そしてそれを書き上げたのはおそらく初代王。



「アーシェ、五芒星のど真ん中に器があるぞ...」


「えぇ、おそらく、あれはこの召喚触媒を容れる器でしょう。早速容れに行きます」


「アーシェ、気をつけてくれ。はぐれ召喚獣がやってくるのかもしれんからな」


「気をつけます...」


輝く五芒星に踏み込む。一瞬魔力が姫の体内に入り込み、霧散する。


アーシェは直感で認められたとわかっていた。おそらく五芒星に踏み込んでいいのは王家の者のみ。そうでない者は今の選別で命を落とすことになるだろう。


ゆっくりと器に召喚触媒を容れる。

青白く輝く液体が波打つ。漣が立ち、やがて勢いが強くなって行き──


「アーシェ!今すぐ戻れ!」


ものすごい剣幕でマーガレットはアーシェを手招き、戻れと促す。


「は、はい!」


慌ててアーシェは駆ける。マーガレットに抱かれてすぐさま立ち位置を交換される。アーシェを守るようにマーガレットは前に立ち、五芒星を見詰める。


青白く輝く液体が五芒星全体に満ちたところだった。

すると五芒星がより一層輝きが強くなっていく。


「来るか...!」


マーガレットは身を低くし、臨戦状態となる。いつでも剣を抜けるように腕のバネを最大限に引き延ばす。
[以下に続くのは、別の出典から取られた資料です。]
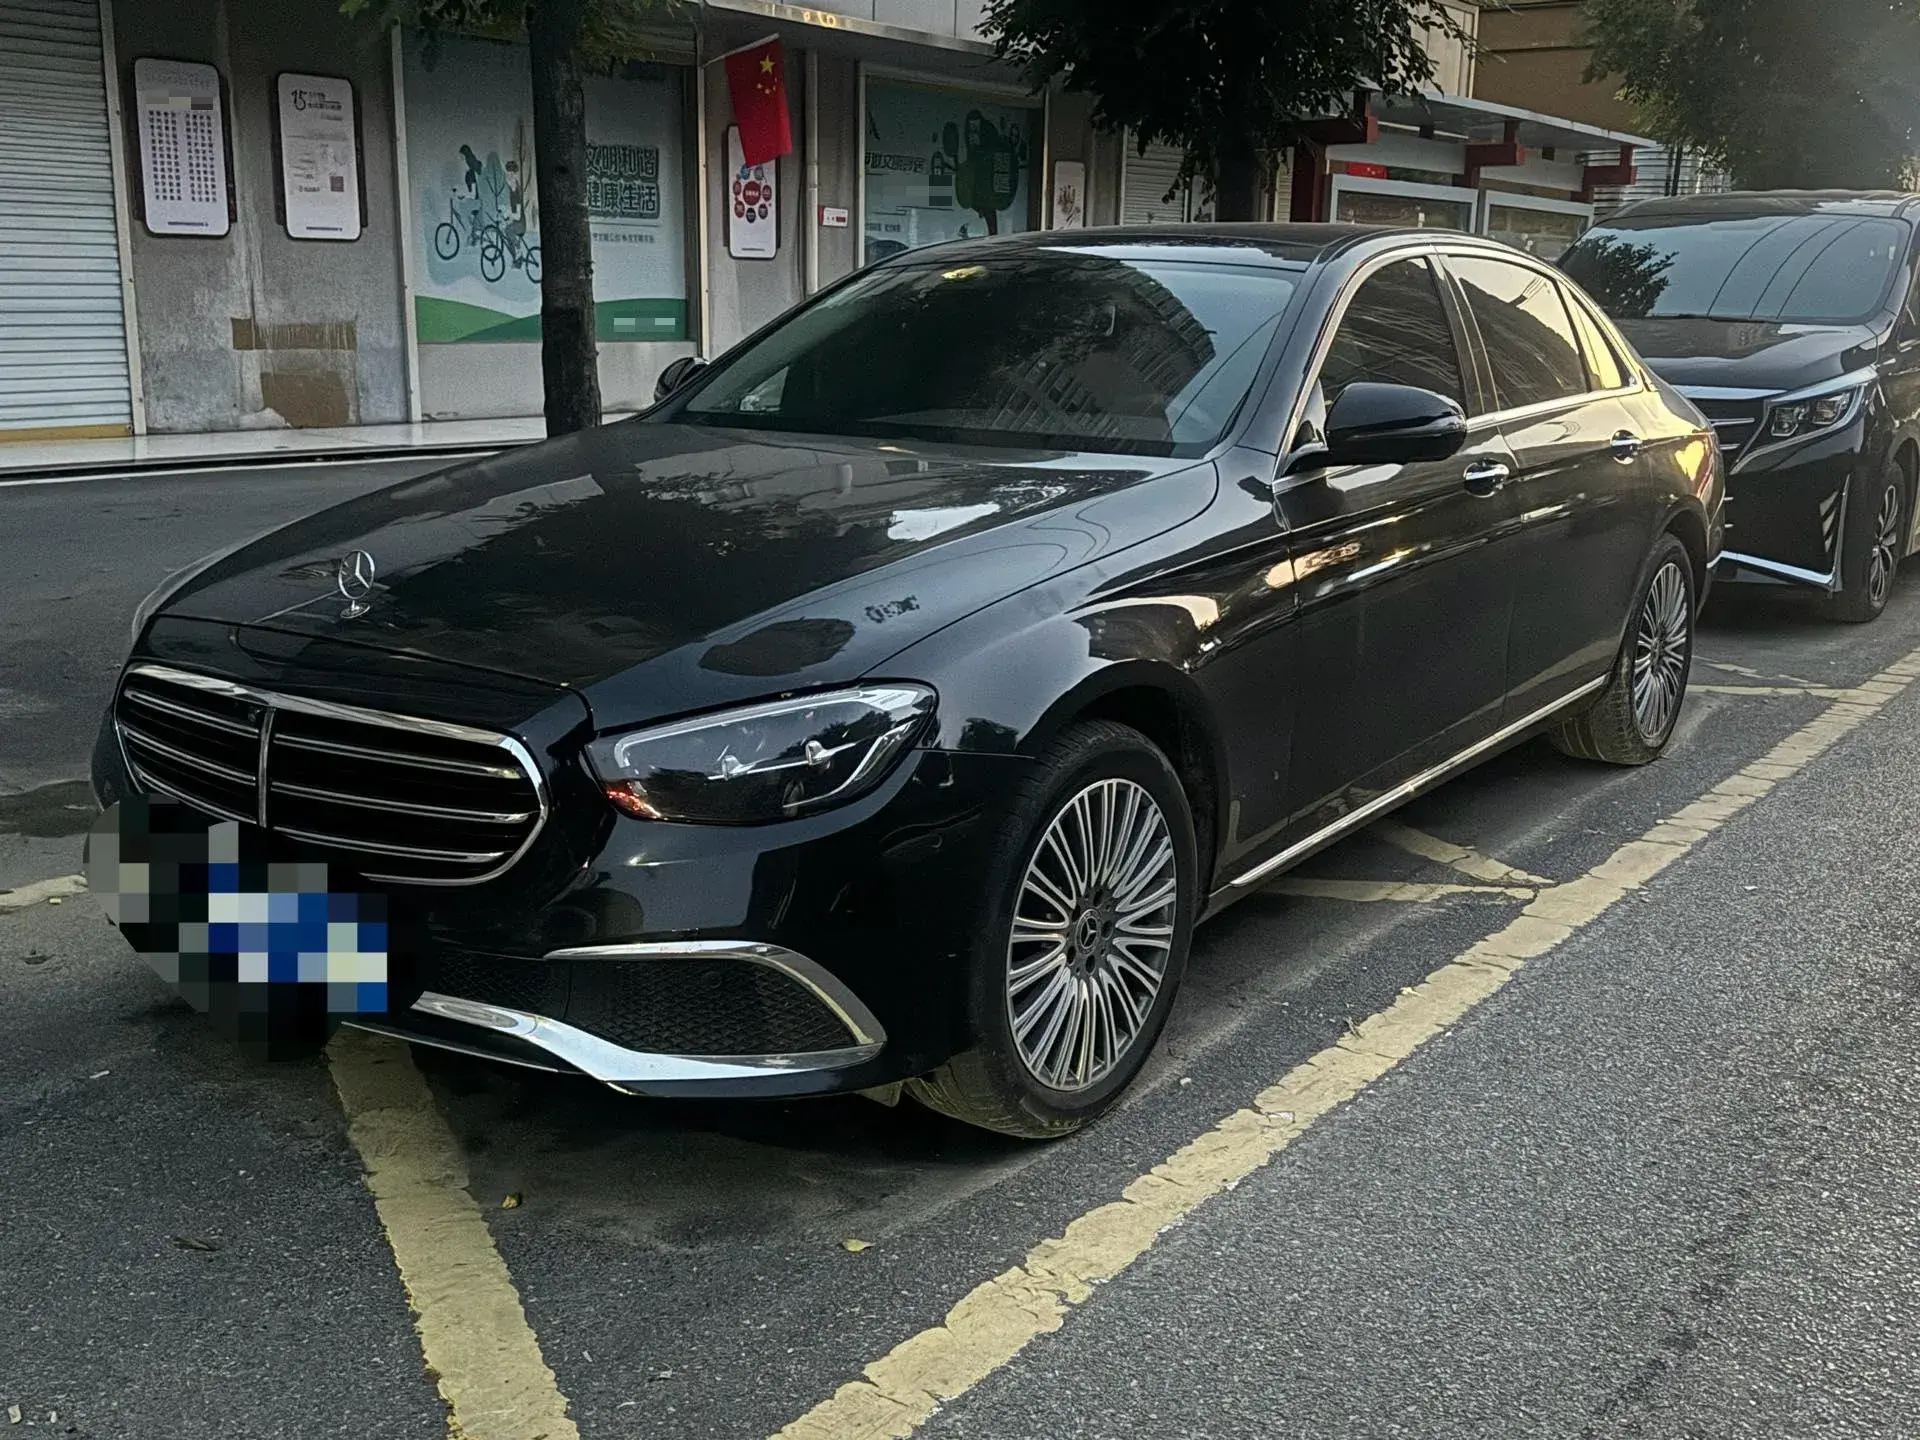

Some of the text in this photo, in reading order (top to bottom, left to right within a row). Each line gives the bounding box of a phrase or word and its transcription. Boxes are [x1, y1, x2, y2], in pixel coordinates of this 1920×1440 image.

[586, 145, 657, 177] 文明和谐
[587, 181, 658, 212] 健康生活
"あー、こんばんは。私は初代王であーる。本当は王の器じゃねえのにな。みんながなれなれってしつこいんだよ。あ、いまは関係ないか。あー、そっち今何年かは知らねえがとりあえずヤバイ状況だろ?何しろ俺が造り上げた魔法陣を使う位だしな。召喚した魔術師は死ぬかもって聞かされているかもしれねーけどあれは嘘だ。そうホイホイと異世界から召喚しちゃこの世界が壊れるだろ。これから召喚される奴は滅法にヤバイ奴だ。...まぁ俺が最強だけどな!そいつが二番目だ!あぁ!くそ戦いてえな!...あ、また話が逸れたな、悪い悪い。とりあえず、あとは頼んだ。この国をよろしくな。苦労して建国したんだからよぉ...しっかりと守ってくれよ!...それでいいんだろ、姫様"


気の抜けた声が頭に響く。


マーガレットもアーシェも状況を飲み込めなかった。まさか初代王の声を聞けるとは思いもしなかった。初代王の伝説は眉唾と思う位にあり得ない物語だらけだった。だが、実在し、己を最強と公言していたのだ。まさか──と思ったところで五芒星が爆ぜる。
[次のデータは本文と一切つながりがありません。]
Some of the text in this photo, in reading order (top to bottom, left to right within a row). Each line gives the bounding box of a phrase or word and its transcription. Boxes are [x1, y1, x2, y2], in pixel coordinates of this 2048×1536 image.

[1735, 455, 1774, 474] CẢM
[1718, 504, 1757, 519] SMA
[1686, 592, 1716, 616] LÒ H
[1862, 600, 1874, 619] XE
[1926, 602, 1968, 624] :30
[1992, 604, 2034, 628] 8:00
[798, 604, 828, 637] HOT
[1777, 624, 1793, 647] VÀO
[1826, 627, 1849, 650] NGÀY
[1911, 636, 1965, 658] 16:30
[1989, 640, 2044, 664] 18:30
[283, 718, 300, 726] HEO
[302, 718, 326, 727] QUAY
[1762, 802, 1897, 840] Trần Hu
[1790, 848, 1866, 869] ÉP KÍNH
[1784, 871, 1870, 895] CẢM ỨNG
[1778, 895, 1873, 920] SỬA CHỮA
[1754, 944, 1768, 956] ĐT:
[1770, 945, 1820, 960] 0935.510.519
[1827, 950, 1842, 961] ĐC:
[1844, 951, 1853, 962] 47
爆風がマーガレットの身を煽る。吹き飛ばされそうになる身を踏ん張ってマーガレットは腕を眼前に交差させる。

地面がひび割れる。壁が亀裂を走る。

支柱がなければたちまち崩落し、マーガレットとアーシェは生き埋めされていただろう。


やがて──強風が収束し、砂煙の中に黒い影が帯びる。


「英雄様が...!」


アーシェの顔が一気に嬉々としたものになる。成功したのだ。この国を救える位の力を秘めた英雄をここに呼び出せたのだ。


だが、対照的にマーガレットの顔が険しくなる。

決して慢心はしてないが、マーガレットはこの国の中では上位に入るほどの強さを持っているのだ。故に相手の力量を見切れるほどの洞察力を持っていると思っていた。

だが感じないのだ。

その影が虚像ではないかと思わせるほどに魔力が全く感じないのだ。

それはあり得ないことだった。

生きとし生けるもの全ては魔力を内包しているのだ。草木さえも。


それなのに影からは全く感じないのだ。



やがて煙が消えていき、影が姿を現す。


マーガレットの背筋に悪寒が走る。

あれは決して相容れない存在だと。

関わってはいけない存在だと。

本能で理解してしまう。




はぐれ召喚獣とかそういう生易しいモノではない。

あれは世界そのものを憎む存在だ。